Его любимым американским поэтом был Эдгар Аллан По. Но иногда, выпив виски несколько больше обычного, ему случалось путать стихи Горация со стихами По и с большим удивлением обнаруживать в одной и той же алкеевой строфе Аннабель Ли и Лидию. А иногда он путал «говорящий лист» мадам де Севинье и говорящих животных из басен Лафонтена.
– Это не животное, – говорил я ему, – это просто лист, лист дерева.
И цитировал отрывок из письма, где мадам де Севинье писала, что хотела бы стать говорящим листом на дереве в парке ее замка Роше в Бретани.
– Mais cela c’est absurde, – говорил Джек, – une feuille qui parle!

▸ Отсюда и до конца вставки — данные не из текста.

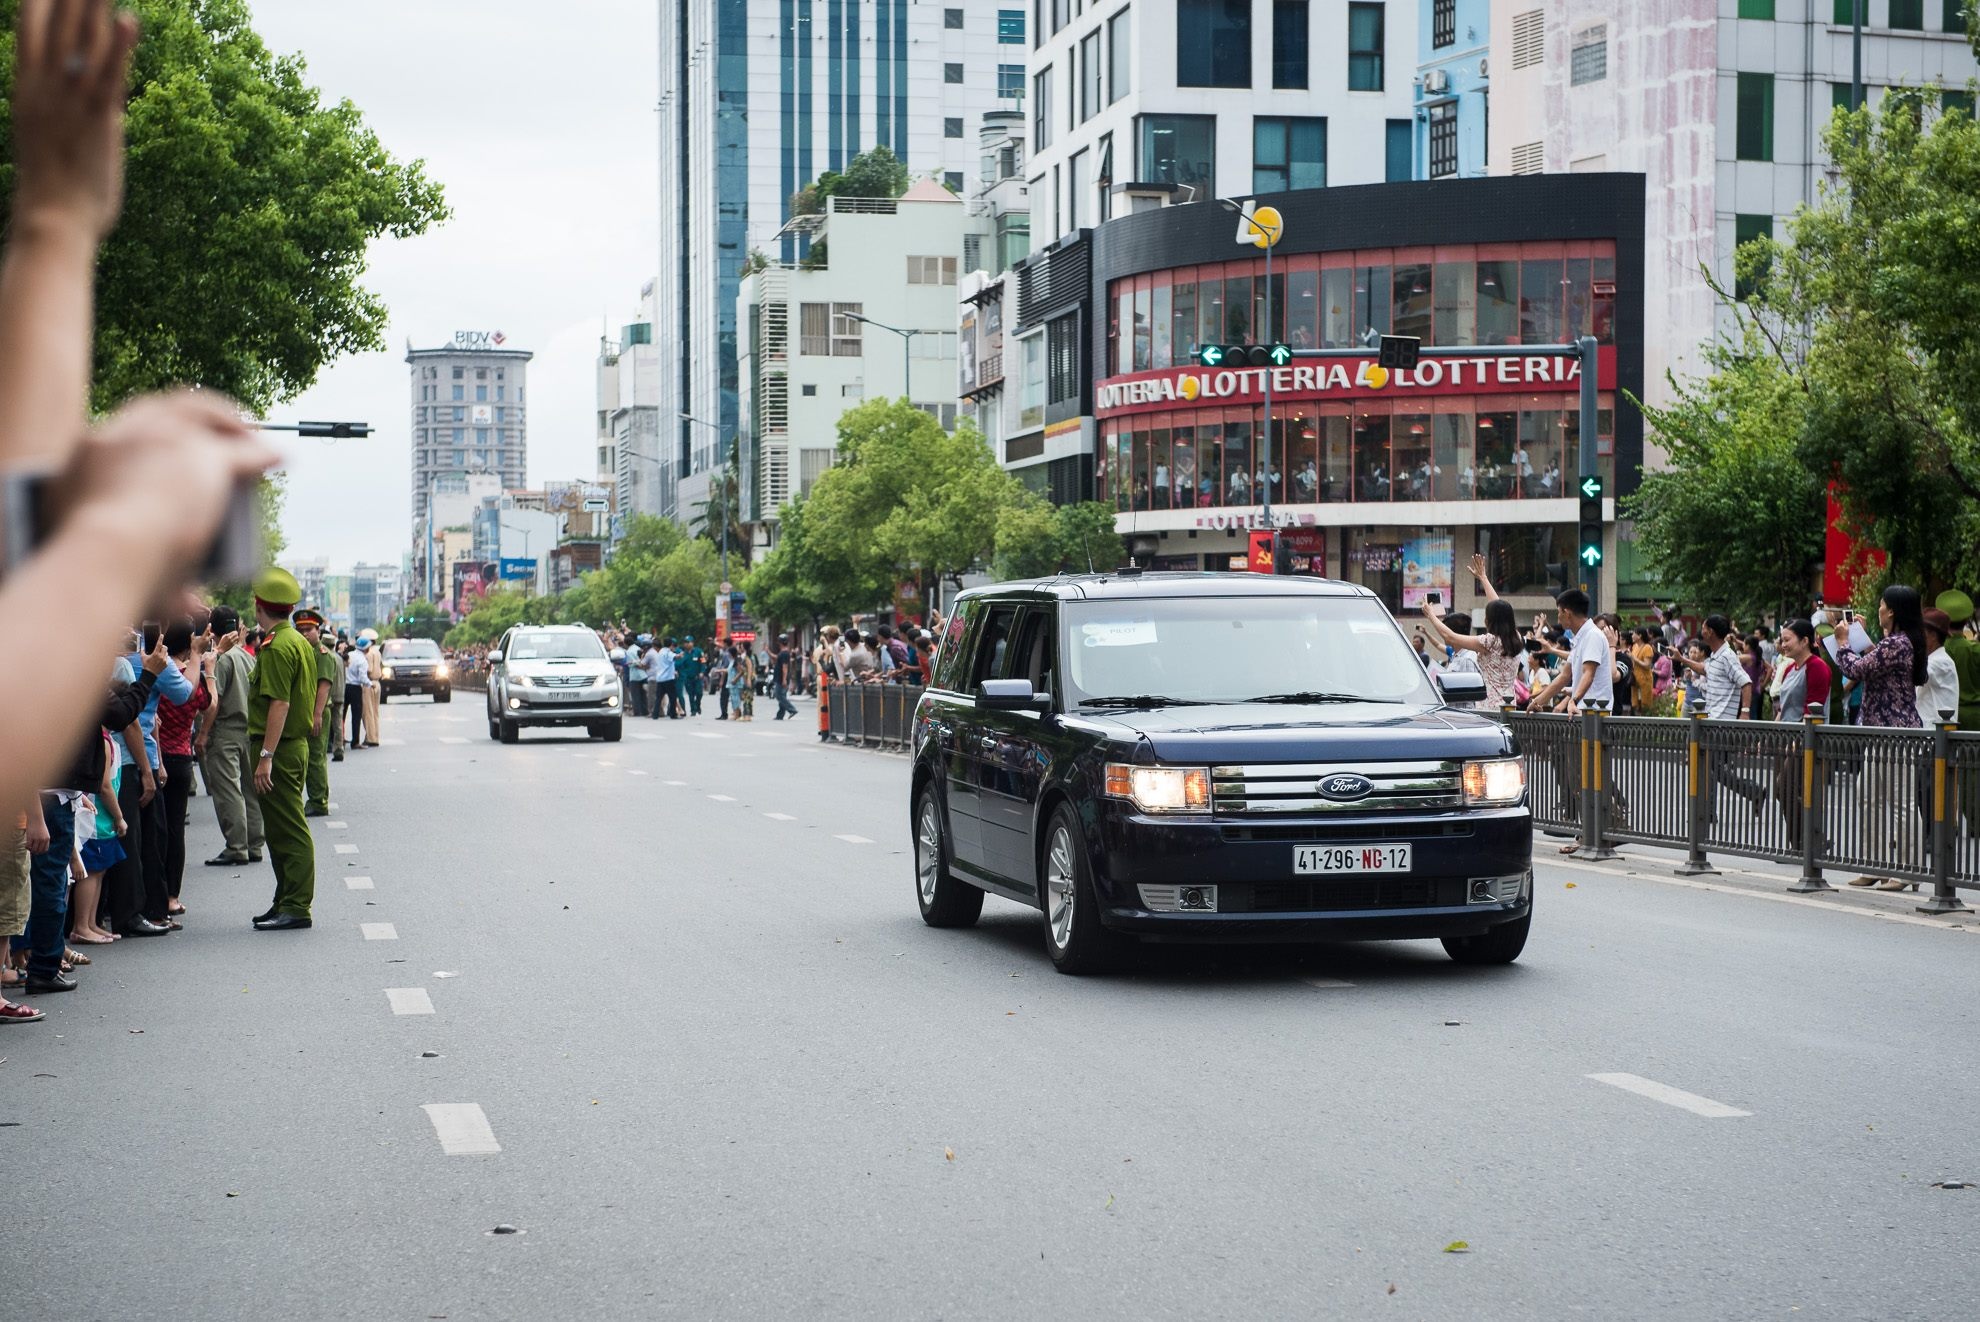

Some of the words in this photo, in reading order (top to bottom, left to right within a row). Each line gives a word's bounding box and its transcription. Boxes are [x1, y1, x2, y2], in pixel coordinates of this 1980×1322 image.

Un animal, ça se comprend, mais une feuille! [32]
– Картезианский рационализм, – сказал я, – совершенно бесполезен для понимания Европы. Европа загадочна, она полна непостижимых тайн.

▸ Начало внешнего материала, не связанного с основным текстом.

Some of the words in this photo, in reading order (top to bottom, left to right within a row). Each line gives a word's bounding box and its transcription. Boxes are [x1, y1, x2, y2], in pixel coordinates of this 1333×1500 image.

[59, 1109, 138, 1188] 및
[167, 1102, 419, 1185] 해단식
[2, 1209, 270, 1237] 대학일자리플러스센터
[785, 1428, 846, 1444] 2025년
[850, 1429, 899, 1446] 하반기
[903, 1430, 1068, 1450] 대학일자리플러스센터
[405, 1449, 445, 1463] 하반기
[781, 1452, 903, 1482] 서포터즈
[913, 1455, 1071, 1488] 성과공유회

– Ах, Европа! Что за удивительная страна! – восклицал Джек. – Как же она мне нужна, чтобы чувствовать себя американцем!
Но Джек был не из тех парижских американцев, что встречаются на каждой странице «The sun also rises» [33]Хемингуэя, которые в 1925 году посещали кафе «Селект» на Монпарнасе и презирали чаепития Форда Мэдокса Форда и книжный магазин Сильвии Бич, о которых Синклер Льюис в связи с некоторыми персонажами Элеоноры Грин говорит, что «в 1925-м они были похожи на интеллектуальных беженцев с левого берега Сены или, как Т. С. Эллиот, Эзра Паунд, Айседора Дункан, уподоблялись iridescent fies caught in the black web of an ancient and amoral European culture » [34]. Джек не был одним из тех заокеанских молодых декадентов, объединенных вокруг американского журнала «Транзишн», издававшегося около 1925-го в Париже. Нет, Джек не был ни декадентом, ни «déraciné» [35], он был просто влюбленным в Европу американцем.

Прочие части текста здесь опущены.